Mâide suresinin 50. ayetinde ne anlatılıyor? İnanan bir toplum için Allah’ın buyruğu ve hükmünden daha güzelinin olmadığını bildiren âyet; Mâide suresinin 50. ayetinin meali ve tefsirini yazımızda okuyabilirsiniz...

Ayet-i kerimede buyrulur:

اَفَحُكْمَ الْجَاهِلِيَّةِ يَبْغُونَۜ وَمَنْ اَحْسَنُ مِنَ اللّٰهِ حُكْمًا لِقَوْمٍ يُوقِنُونَ۟

Onlar hâlâ cahiliye devrinin hükmünü mü istiyorlar? Kesin olarak inanacak bir toplum için, kimin hükmü Allah’ınkinden daha güzeldir? (Mâide, 5/50)

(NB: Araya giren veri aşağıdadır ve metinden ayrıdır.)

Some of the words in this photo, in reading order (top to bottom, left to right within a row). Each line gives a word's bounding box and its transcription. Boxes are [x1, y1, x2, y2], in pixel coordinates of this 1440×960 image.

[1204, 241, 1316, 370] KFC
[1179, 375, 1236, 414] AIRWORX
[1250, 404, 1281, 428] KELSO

ALLAH’IN BUYRUĞU VE HÜKMÜNDEN DAHA GÜZEL NE VARDIR?

Bilgi:

Cahiliyye döneminde ancak zulüm, vahşet ve karanlık hâkimdi. Cahiliyye hükümleri adaletsizlik ve insafsızlık üretiyordu. İnsanlar bu vahşetten bir kurtuluş aramaktaydı. Hak geldi, İslam güneşi insanlığı cahiliyye karanlığından aydınlığa çıkarma müjdesi getirdi. İslam’ın aydınlığına eren müminler kurtuluşa erişirler. Artık bu yüceliğe eriştikten sonra başka bir inanç aramak kötü bir seçenektir ve imana terstir. Onlar Allah’ın hükmünden daha başka ne arayabilirler? Allah’ın hükmünden daha güzeli olabilir mi?

Mesaj:

İman etme şerefine ulaşan Müslümanlar, Allah’ın hükmüne zıt olan hükümleri benimsemezler.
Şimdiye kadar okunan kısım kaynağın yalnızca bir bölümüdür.